Alla nostra richiesta di intervista Sergi Barnils ha risposto con questo aneddoto: “Io amo le interviste di Mirò, quando il pittore catalano veniva intervistato non diceva nulla, il suo motto era – il mio lavoro parla per me, perché devo parlare io?” L’artista infatti non deve spiegare le sue opere, le opere devono parlare da sole. Quello che l’artista può fare è parlare di sé e di quali sono state le esperienze che lo hanno portato a concepire un’opera.”  

La nostra richiesta è stata quindi: non spiegarci i tuoi lavori, spiegaci Sergi Barnils

 

Per parlare di me mi sembra utile contestualizzare dicendo che vengo dal figurativo. Agli inizi uscivo in campagna, dipingevo i modelli organici, e la mia intenzione era quella di cercare di riprodurre la realtà con il massimo virtuosismo possibile. Poi mi sono allontanato da questa idea che non mi dava più soddisfazione: un giorno ho cominciato a guardare il cielo davanti al paesaggio, e le stelle apparivano un po’ come quelle opere di Constable, dove tutto è nuvole, blu turchese e trame. Nient’altro, solo quello che si chiama il secondo cielo, il cielo che ci è ancora visibile – perché il terzo è già invisibile. Da quel momento c’è stato un cambiamento nella mia pittura e ho cominciato ad interessarmi non alla realtà tangibile, visibile, ma al mondo invisibile.

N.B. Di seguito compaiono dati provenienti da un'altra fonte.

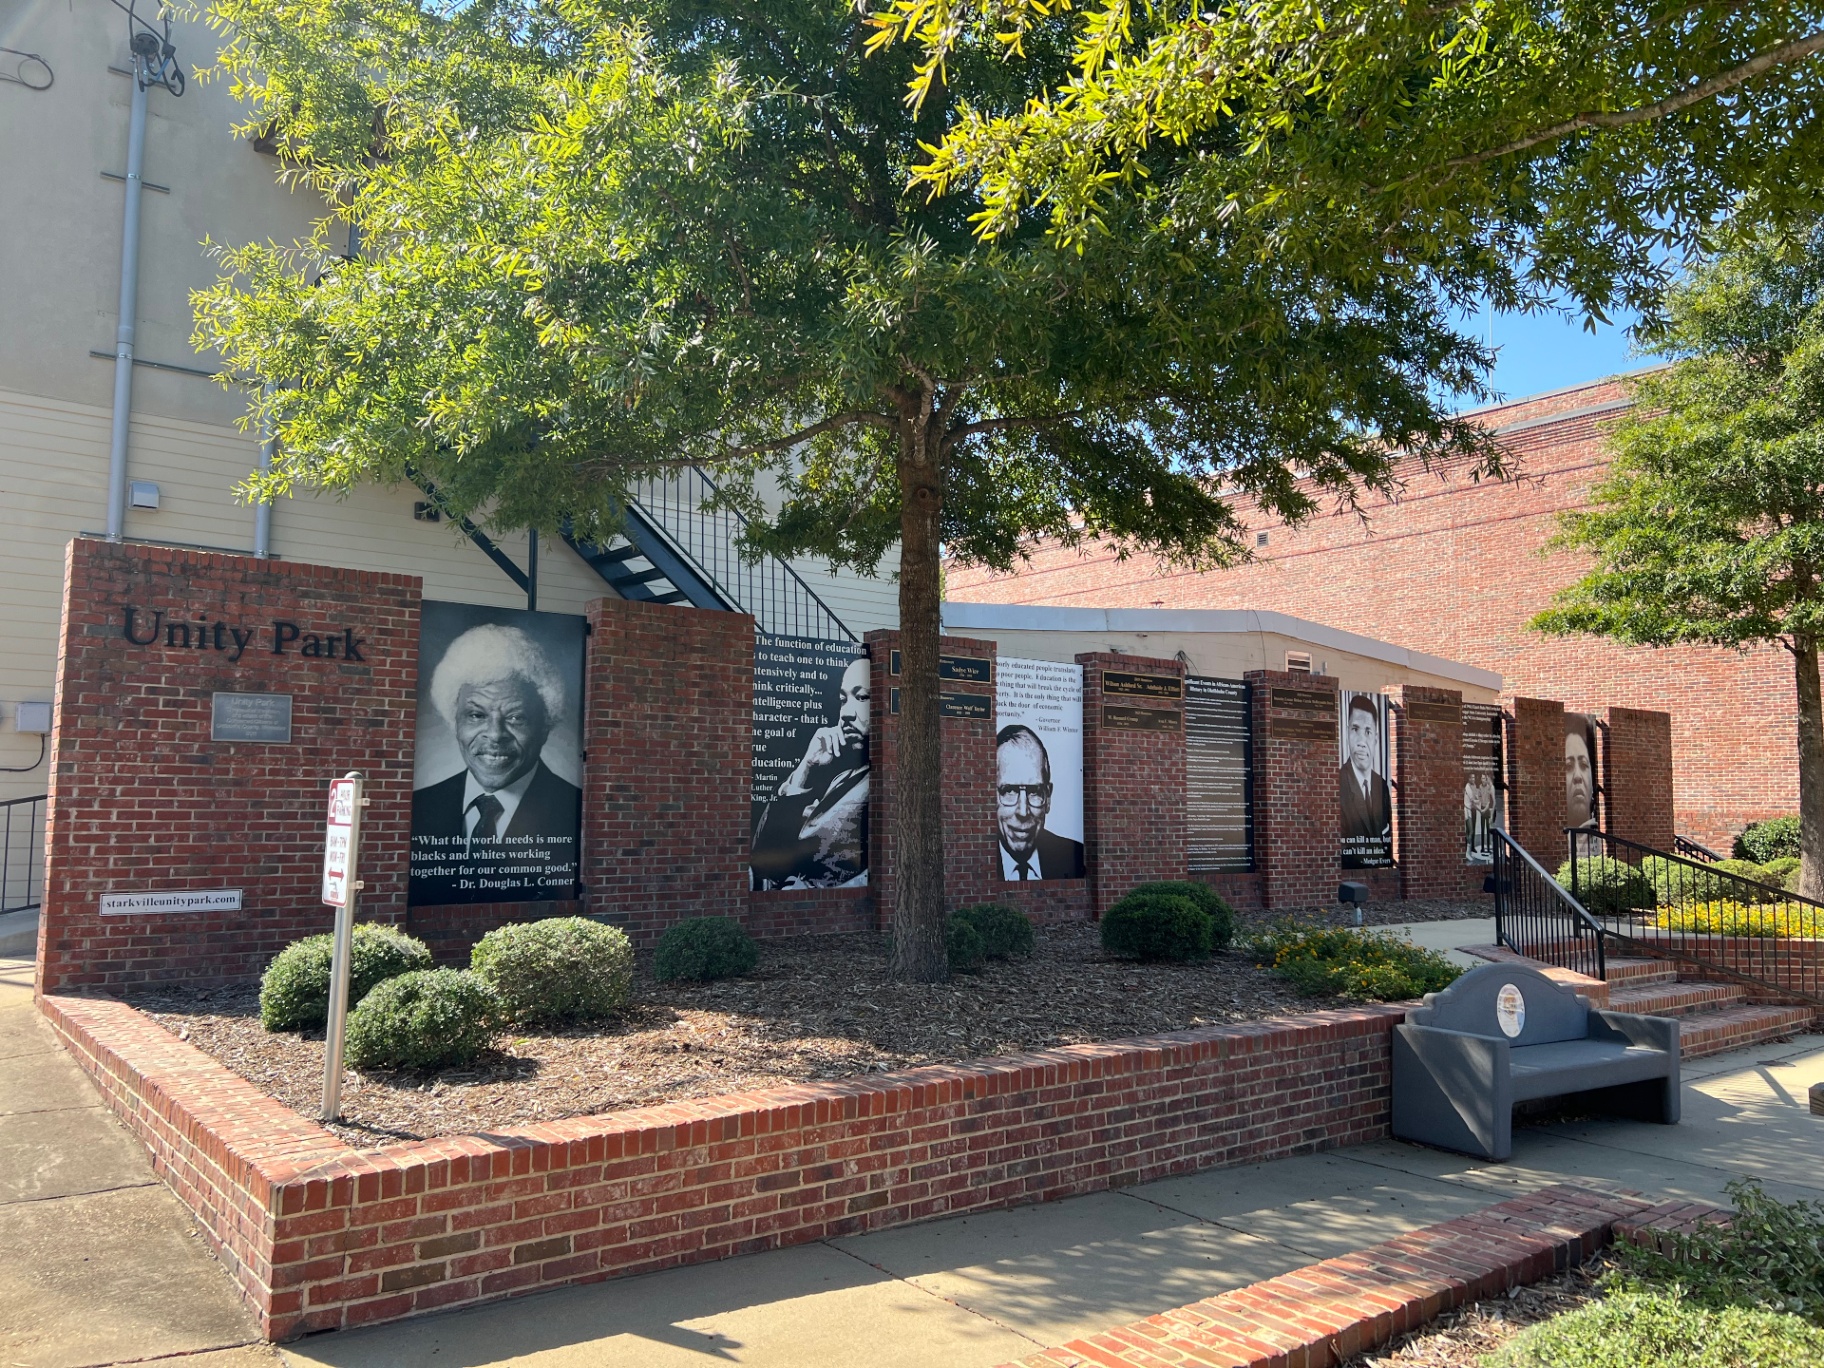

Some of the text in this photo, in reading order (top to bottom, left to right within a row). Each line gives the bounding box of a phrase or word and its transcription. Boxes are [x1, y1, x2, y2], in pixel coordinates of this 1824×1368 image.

[122, 606, 366, 662] Unity Park
[756, 635, 866, 655] The function of education
[758, 652, 767, 660] to
[770, 653, 794, 662] teach
[797, 656, 812, 664] one
[816, 656, 824, 665] to
[826, 657, 849, 668] think
[754, 667, 828, 680] ntensively and to
[753, 681, 822, 696] hink critically...
[753, 696, 822, 711] ntelligence plus
[1047, 694, 1060, 702] thing
[753, 712, 792, 722] haracter
[801, 714, 818, 724] that
[822, 716, 828, 724] is
[765, 728, 784, 739] goal
[787, 728, 796, 737] of
[751, 757, 800, 768] ducation.”
[330, 788, 336, 818] 2
[751, 794, 768, 802] King,
[411, 834, 572, 845] “What the world needs is more
[411, 849, 551, 861] blacks and whites working
[410, 866, 456, 878] together
[459, 865, 475, 875] for
[499, 866, 542, 874] common
[545, 862, 577, 875] good.”
[460, 880, 476, 889] Dr.
[480, 878, 521, 890] Douglas
[524, 877, 534, 887] L.
[537, 877, 574, 886] Conner
[107, 896, 235, 907] starkvilleunitypark.com

Sergi Barnils pensa che Antoine de Saint Exupery, quando diceva che ciò che è invisibile ai nostri occhi è ciò che conta davvero, avesse assolutamente ragione

La mia visione ha iniziato a scalare verso un’altra dimensione, ho iniziato a lavorare con il mondo dei simboli. L’oggetto, il modello, come diceva Cézanne, il motivo, non mi stimolava più, mi interessava invece l’invisibile. Tutte le cose che vedevo le traducevo in simboli, per esempio il triangolo, il cerchio, il rettangolo, il quadrato, una natura basata su geometrie che sono lontane dall’essere ciò che vediamo nella realtà, e così via. Da lì in avanti anche ciò che sentivo dentro di mè è cambiato molto, perché internamente avevo il caos. Ero, come si dice dalle mie parti, “carne da psichiatra”.

Di che periodo stai parlando?

Quando ho avuto questa esperienza è stato più o meno a partire dall’85, verso fine degli anni ‘80. Allo stesso tempo ho anche cominciato a leggere molto gli scrittori mistici spagnoli. Ad esempio Santa Teresa d’Avila, che ha scritto un libro intitolato Il castello interiore, basato sul parallelismo dell’anima come abitazione interiore, un viaggio spirituale, il cui scopo è la trascendenza, il raggiungimento della luce, l’unione d’amore con Dio. Questo tema ha iniziato a interessarmi molto e dai mistici spagnoli sono passato a leggere l’intera Bibbia, da cima a fondo, dalla Genesi all’Apocalisse.

C’erano molte cose che non capivo, racconta Sergi Barnils, ma continuavo a leggere

Piano piano ho visto che tutti i simboli che avevo utilizzato nelle mie opere in qualche modo acquisivano un significato. Lavoravo molto sulle geometrie – nell’arte primitiva la geometria è fondamentale – e ad esempio, il triangolo, che avevo già usato molto, mi è apparso come la visione della divinità, una dimensione tridimensionale, che poi viene tradotta come Padre, Figlio e Spirito Santo nella filosofia cristiana. Tutti i simboli che compaiono nelle opere, per me avevano un significato: il cerchio era l’eternità, che non ha né inizio né fine, poiché non sai né dove inizia né dove finisce, è sempre continuo, come anche le sfere.